2018 marks the 10th anniversary of the Great Recession. As some European countries have only now started to recover, societies and politicians understandably want to forget the years of painful austerity and look to the future.

But have we learned enough to prevent another crisis? Do we know how our institutions failed us the first time around? And are we confident they are better protected now?

Times of crisis may not be ripe moments for learning, as politicians are necessarily in a ‘firefighting’ mode, trying to save the economy and their political careers. Yet as the economy finally stabilizes, a backward-looking mechanism shedding light on the institutional failures that paved the way to the collapse may benefit a society like Spain in a number of ways.
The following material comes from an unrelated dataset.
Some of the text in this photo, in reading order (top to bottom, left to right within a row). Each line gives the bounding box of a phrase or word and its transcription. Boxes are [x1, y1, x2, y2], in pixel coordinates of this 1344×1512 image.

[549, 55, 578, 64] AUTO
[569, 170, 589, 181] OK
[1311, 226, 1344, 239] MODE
In our project we explored the comparative experience of six European countries; we found economic truth commissions offer the best shot at learning.

 

Economic truth commissions

Economic truth commissions are independent fact-finding bodies tasked to document patterns of institutional failures in the run-up to the crisis.

They are distinct from other fact-finding bodies. Parliamentary commissions of inquiry are guided by politicians who may lack the expertise to fully understand the technical aspects of a modern financial crisis. At the same time, their partisan and confrontational nature may discredit their contributions in the eyes of the citizenry; simply put, they are seen as ‘business as usual’.
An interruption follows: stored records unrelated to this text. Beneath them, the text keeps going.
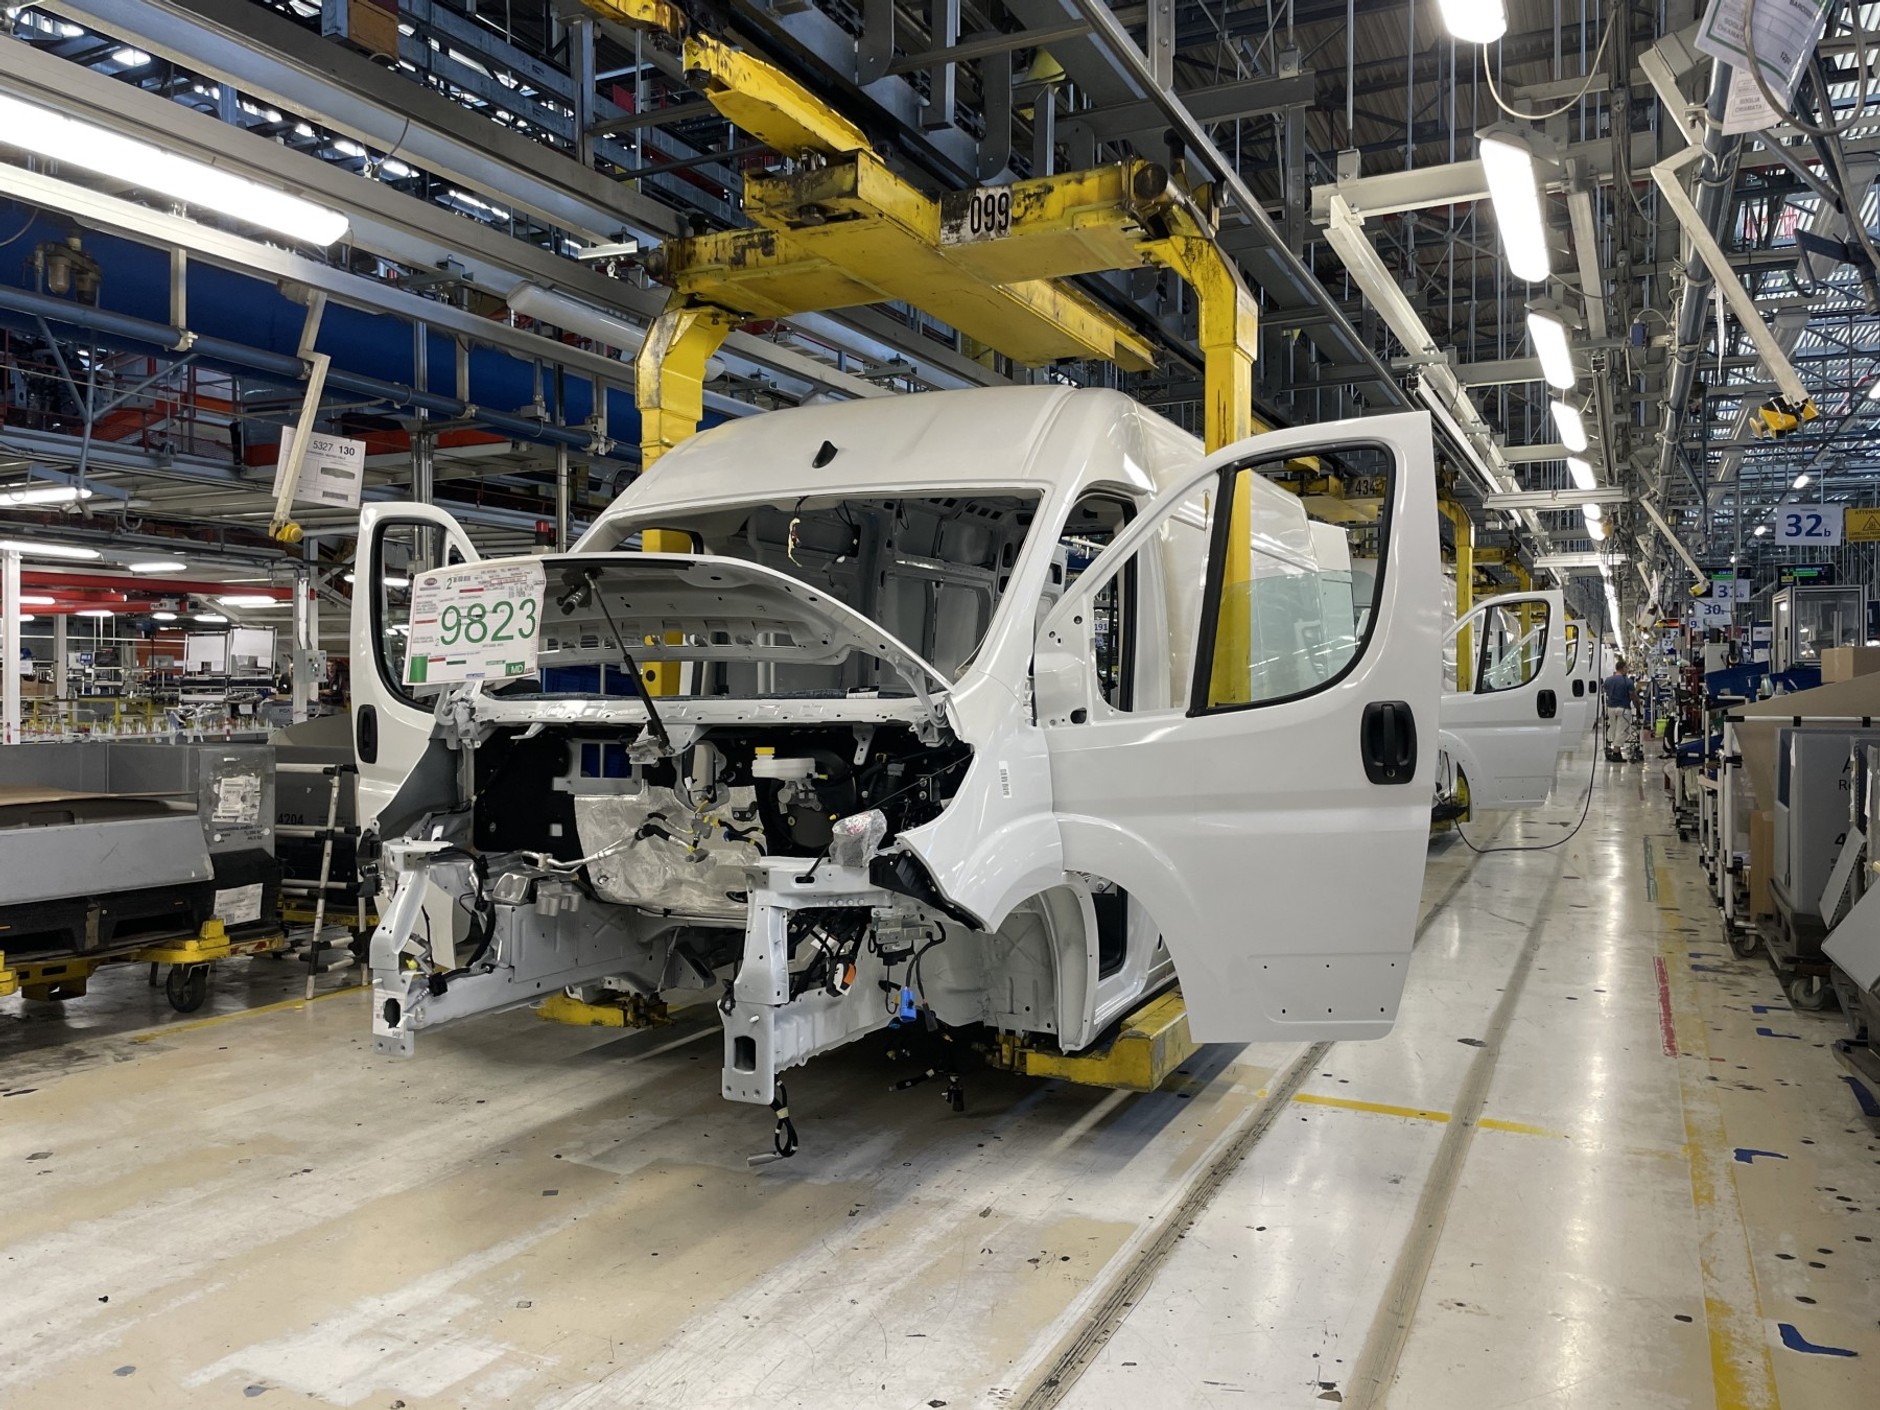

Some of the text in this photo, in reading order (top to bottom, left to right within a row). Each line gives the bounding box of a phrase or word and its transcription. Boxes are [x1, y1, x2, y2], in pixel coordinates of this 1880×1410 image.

[1717, 24, 1744, 41] CHIAMAT
[970, 192, 1009, 234] 099
[312, 440, 334, 452] 5327
[338, 445, 356, 457] 130
[1718, 585, 1745, 598] 3b
[440, 598, 537, 646] 9823
In contrast, the independent commissioners who lead truth commissions have expertise in technical aspects (i.e. finance, auditing, academic). Importantly, by identifying patterns of institutional failure, they can offer useful policy recommendations to protect the system from a future crisis.

 

The international Experience

The 2008 crash in Iceland led to the collapse of 97% of the banking sector. A few days after the crash, the Prime Minister set up the first truth commission in Europe. After almost two years of intensive investigation, the commissioners released a comprehensive final report (9 volumes and 1,500 pages). By coupling new technologies with the testimonies of bankers and politicians, they managed to reconstruct patterns of institutional failures with remarkable accuracy.
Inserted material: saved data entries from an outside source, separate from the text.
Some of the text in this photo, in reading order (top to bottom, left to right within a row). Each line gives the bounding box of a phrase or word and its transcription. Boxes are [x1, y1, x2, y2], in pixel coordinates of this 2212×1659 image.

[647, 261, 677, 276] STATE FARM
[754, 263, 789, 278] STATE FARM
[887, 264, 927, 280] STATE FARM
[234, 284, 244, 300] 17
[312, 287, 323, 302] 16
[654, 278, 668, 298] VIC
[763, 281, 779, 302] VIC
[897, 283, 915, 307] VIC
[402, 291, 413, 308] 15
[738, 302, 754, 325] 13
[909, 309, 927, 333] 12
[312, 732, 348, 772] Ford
The final report apportioned blame to the Icelandic banks, noting their reckless risk taking, and identified institutional flaws. Based on the findings of the report, the Icelandic parliament decided to prosecute the former PM; no other European country has taken this step. In addition, the report’s recommendations became the basis for comprehensive legislative reform to strengthen state institutions.

The final report was so successful that it became a best seller. Copies were sold in super-markets and quickly became popular gifts, with parents giving them to their children so they could avoid making the same mistakes in the future.

 

Benefits of a truth commission

But we are more concerned with the Spanish case. Can a truth commission benefit Spanish society?

First, truth commissions can reveal things ‘hidden’ from the public. Modern financial crises are both complex and technical, so only a few experts can get the full picture. Truth commissions have the capacity to shed light on the technical failures in a simplified and accessible narrative.

Second, the final report of a truth commission is an ‘official acknowledgment’ of state failures. The state’s mea culpa can be cathartic and, at the same time, mend the tattered relations of trust between state and society.

Third, an official narrative can curtail the rise of populist leaders who may want to ride the tide of popular discontent.  As Michael Ignatieff has pointed out, truth commissions ‘can reduce the number of permissible lies’ circulated in the public, thereby restraining the appeal of conspiracy theories or myths fueling populism and challenging democratic politics. For proof, we only need look at Iceland; it is one of the few countries where the crisis was not followed by the rise of populist parties.

Fourth, by identifying patterns of failures, independent commissioners can turn these into concrete policy recommendations. A good example is the Pecora Commission in the United States. Commissioner Fernando Pecora was tasked with investigating the causes of the 1929 Wall Street crash. The Commission’s recommendations became the backbone of the Glass-Steagall Act that protected the global financial system from another crisis for decades.

 

Looking back, moving forward

Although most economists and politicians endorse forward-looking policies tailored to help an economy recover from a crisis, backward-looking mechanisms, such as truth commissions can be beneficial. By investigating the causes of a crisis, they offer a ‘public acknowledgment’ of institutional flaws, and this has the potential to restore relations of trust between state and society. The effort to deal with the causes of a meltdown in transparent way may help to legitimize democratic politics and tame the appeal of populist leaders. Most significantly, they can convert past failures into lessons that, if heeded, could prevent a future crisis.

Many political elites have framed the economic crisis as an opportunity, one ‘too precious to waste’. A truth commission is the litmus test of such declarations: do they actual mean it or this simply another wasted opportunity to learn?